Apresentação de Maria Sílvia Betti. Rio de Janeiro: José Olympio, 2009.
Lillian Hellman: marco do teatro estadunidense moderno no século XX. Por Maria Sílvia Betti
VIDA E PENSAMENTO
Lillian Hellman é um dos nomes centrais da dramaturgia das
décadas de 1930 a 1950, e uma das mais importantes escritoras de sua geração no
contexto estadunidense e internacional. Hellman vivenciou intensamente e com
grande coerência de pensamento e ação as três facetas essenciais de sua própria
condição: a de mulher numa época predominantemente machista, judia num momento
em que o antissemitismo ganhava força e adepta inequívoca do pensamento
político de esquerda numa sociedade como a estadunidense e numa era de “caça às
bruxas” e perseguições em todos os níveis.

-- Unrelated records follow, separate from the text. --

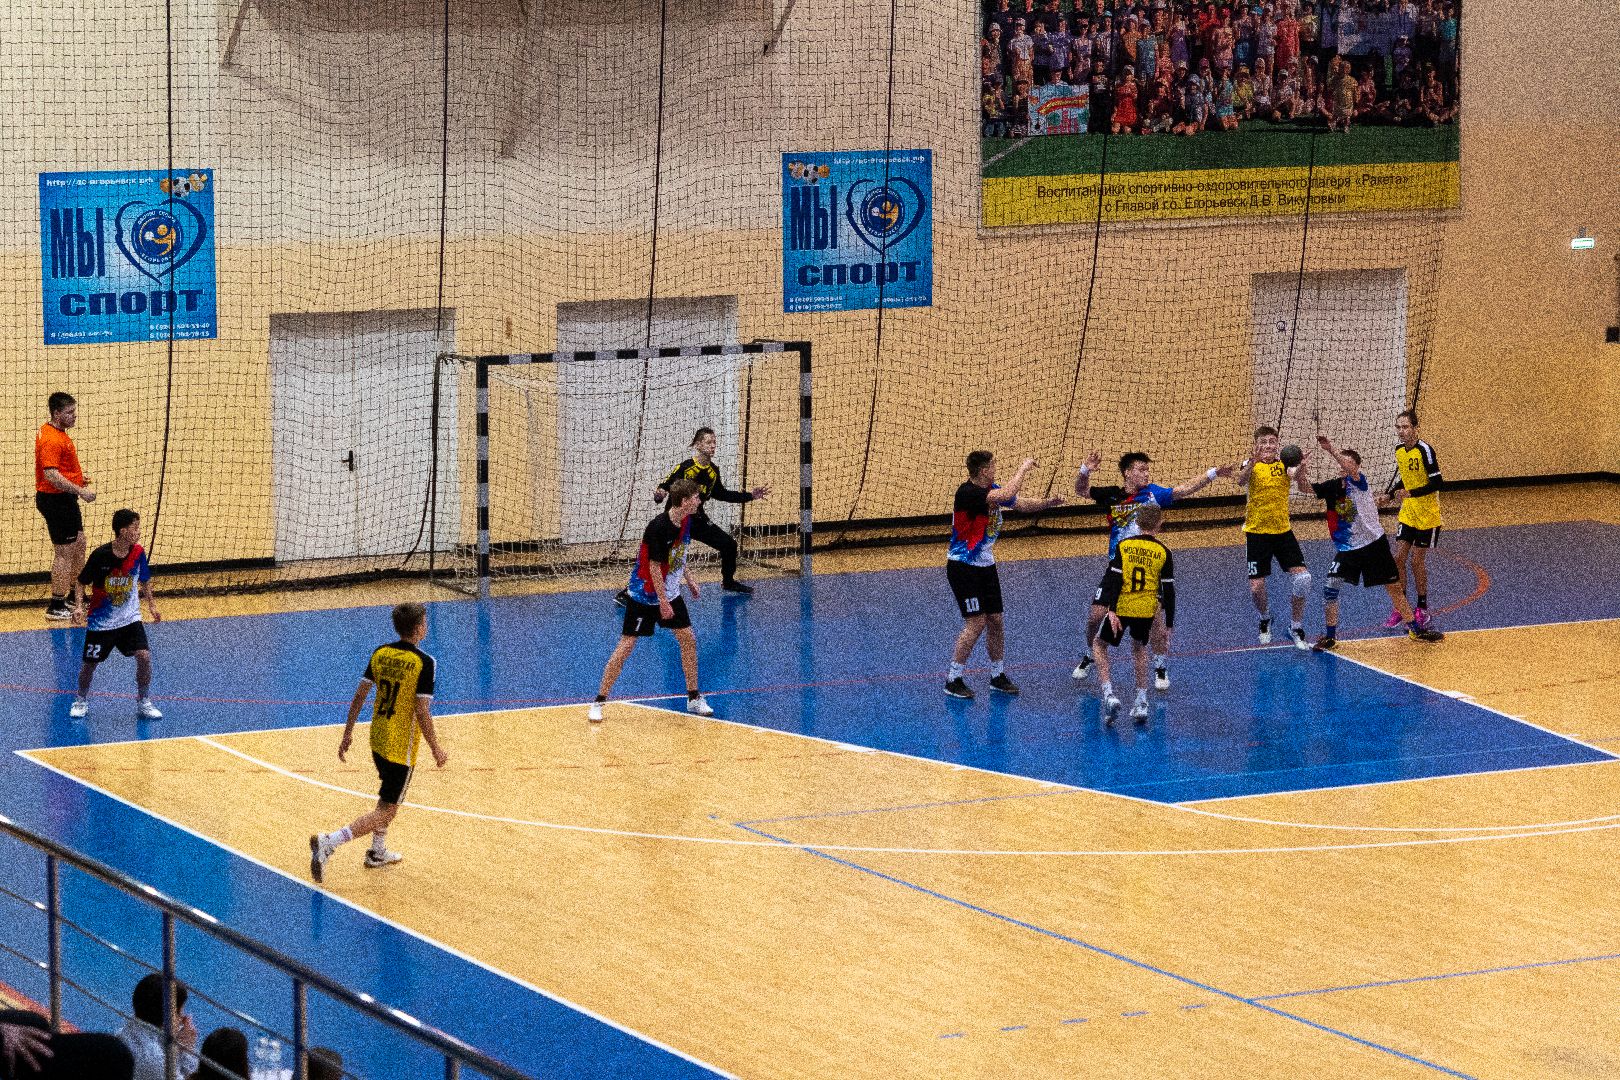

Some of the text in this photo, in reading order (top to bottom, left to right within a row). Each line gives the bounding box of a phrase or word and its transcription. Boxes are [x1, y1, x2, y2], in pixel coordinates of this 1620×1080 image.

[1310, 175, 1351, 189] лагеря
[1355, 173, 1409, 186] «Ракета»
[1104, 202, 1112, 212] с
[1115, 198, 1159, 212] Главой
[1185, 196, 1247, 210] Егорьевск
[1278, 193, 1346, 206] Викуловым
[790, 185, 838, 250] МЫ
[51, 207, 106, 278] МЫ
[798, 261, 922, 286] спорт
[59, 289, 204, 317] спорт
[1408, 457, 1420, 471] 23
[964, 597, 980, 613] 10
[86, 643, 101, 659] 22
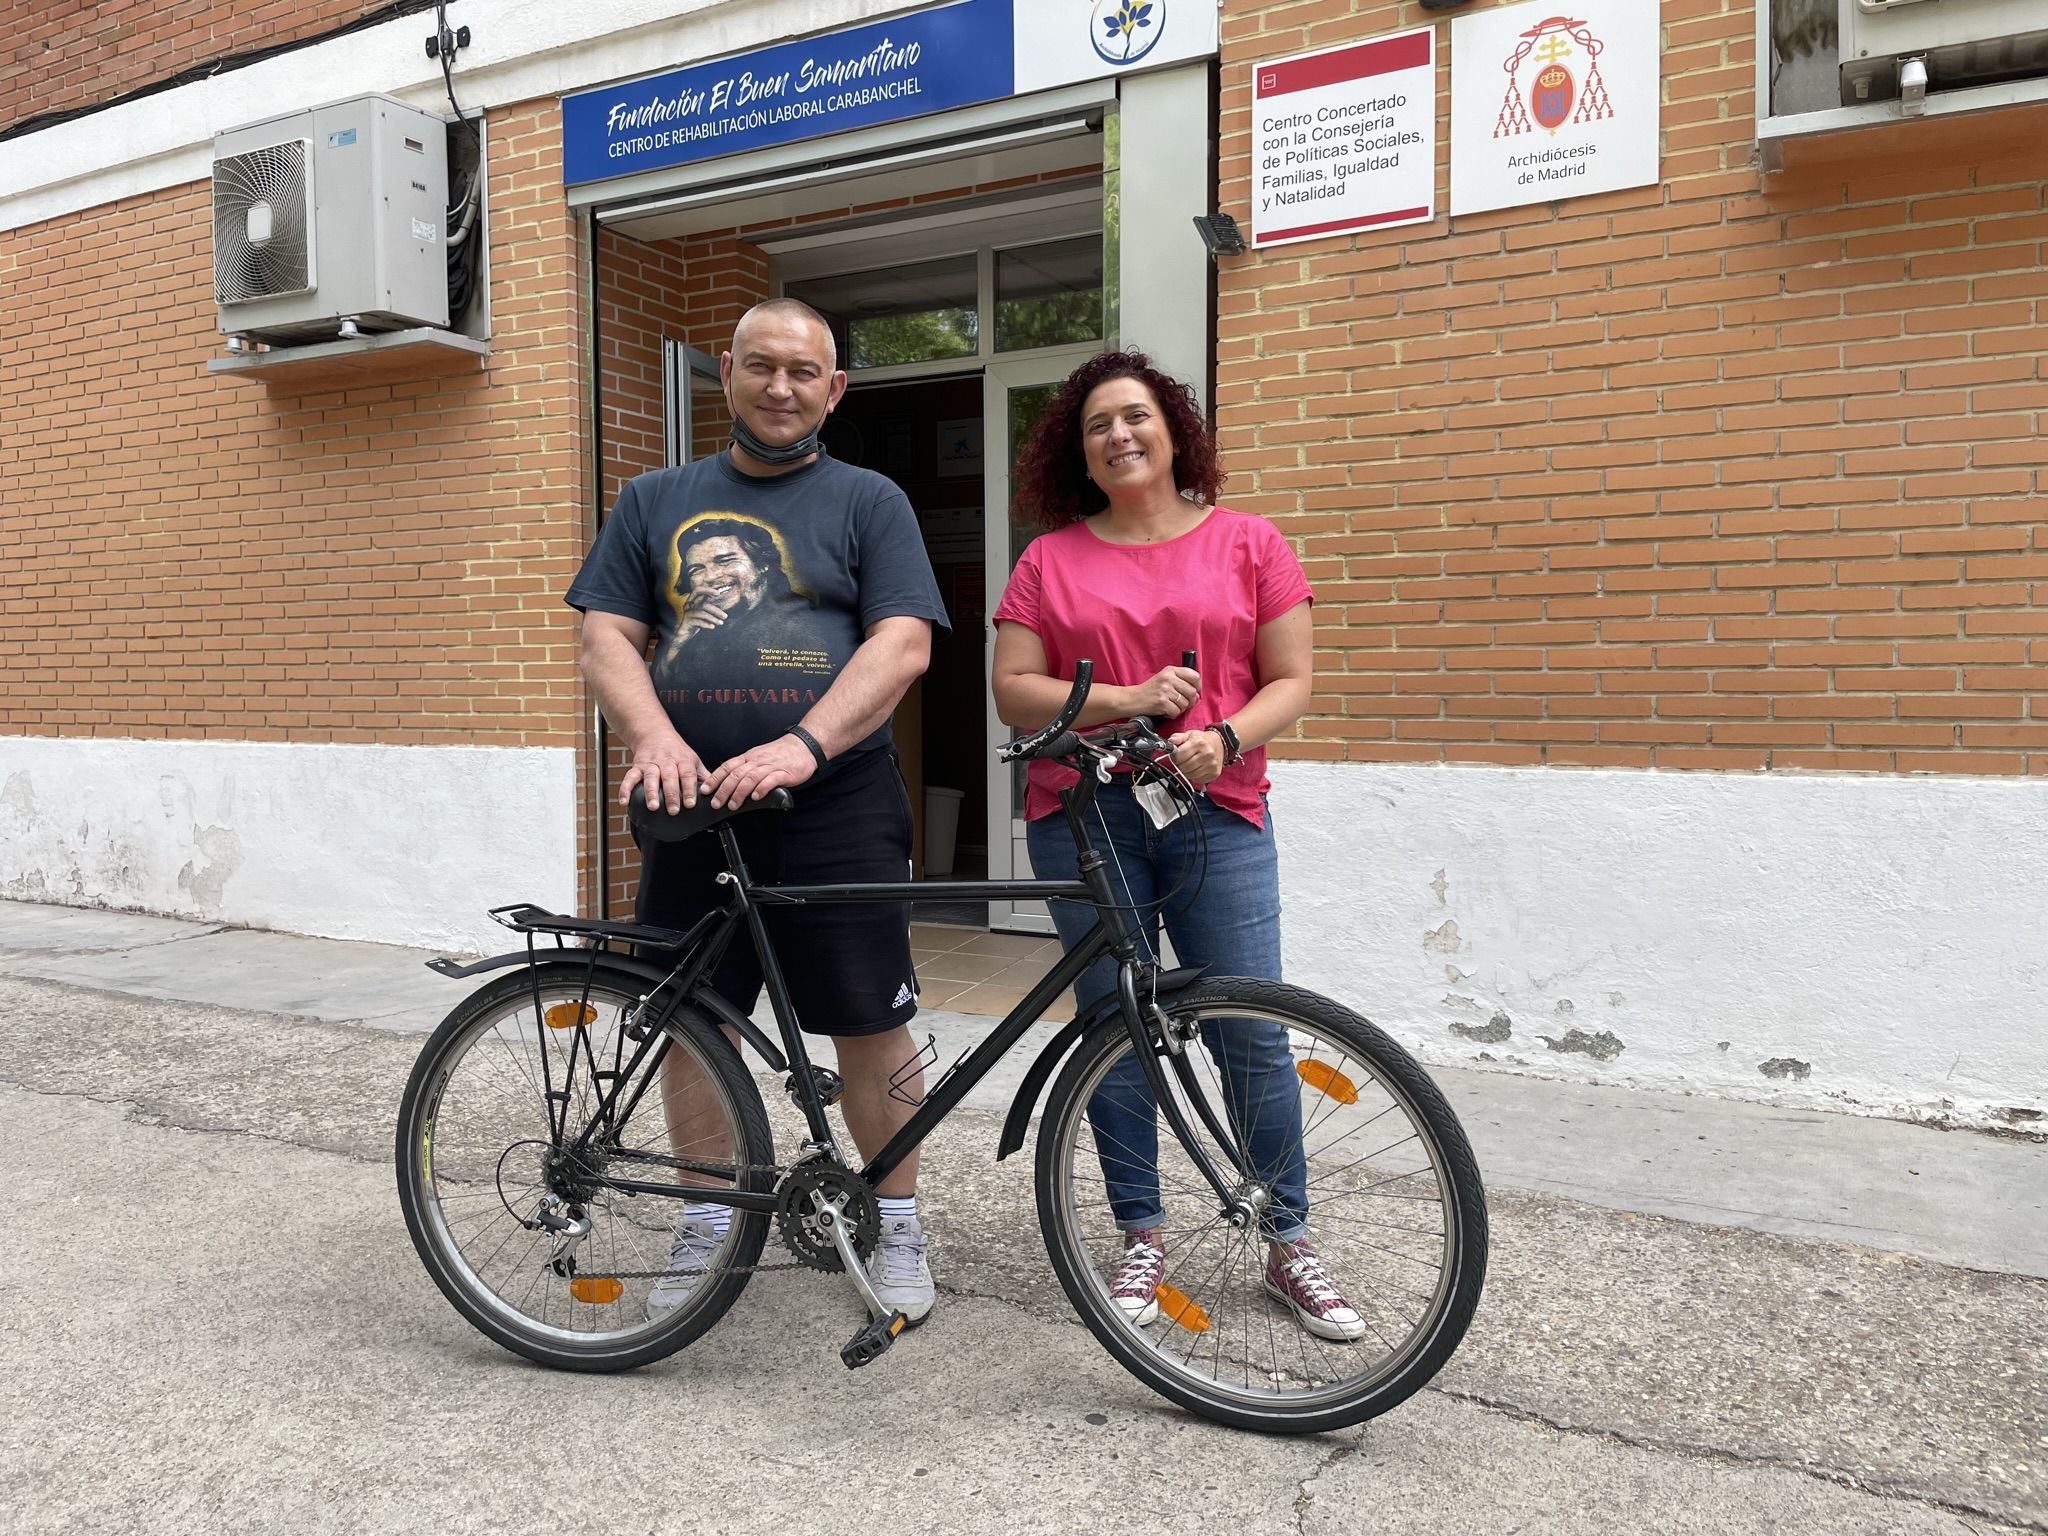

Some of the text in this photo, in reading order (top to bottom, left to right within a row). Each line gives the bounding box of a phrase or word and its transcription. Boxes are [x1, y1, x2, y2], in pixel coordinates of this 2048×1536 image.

[607, 38, 921, 137] Fundación El Buen Samaritano
[608, 77, 922, 158] CENTRO DE REHABILITACIÓN LABORAL CARABANCHEL
[1262, 93, 1407, 133] Centro Concertado
[1263, 114, 1395, 151] con la Consejería
[1262, 131, 1424, 170] de Políticas Sociales,
[1508, 143, 1597, 169] Archidiócesis
[1262, 152, 1400, 190] Familias, Igualdad
[1517, 162, 1586, 185] de Madrid
[1262, 181, 1345, 212] y Natalidad
[697, 688, 816, 704] GUEVARA
[891, 991, 912, 1009] adidas
[1182, 995, 1229, 1005] MARATHON

Calúnia, de 1934, e As pequenas
raposas, de 1939, traduções de The Children’s Hour e de The
Little Foxes, foram as duas obras que a transformaram num dos nomes
centrais do teatro de seu país do século XX. Muito mais tarde, em 1977, Pentimento,
um de seus livros de memórias, viria trazer-lhe novo influxo de celebridade na
glamourizada adaptação cinematográfica intitulada Julia e estrelada por
Jane Fonda e Vanessa Redgrave.
Contemporânea de grandes renovadores da dramaturgia nos Estados
Unidos, como Eugene O’Neill, Tennessee Williams e Arthur Miller, Lillian
Hellman preferiu, ao contrário deles, manter-se fiel à estrutura dramática
padrão, evitando arriscar-se em rupturas com a forma da chamada “peça bem
feita”. Por isso suas obras caracterizam-se, do ponto de vista formal, por uma
construção bastante próxima dos preceitos clássicos do drama: uma introdução
expositiva da ação dramática, seu desenvolvimento e ascensão rumo a um clímax
tensional e sua resolução final por meio de um desfecho.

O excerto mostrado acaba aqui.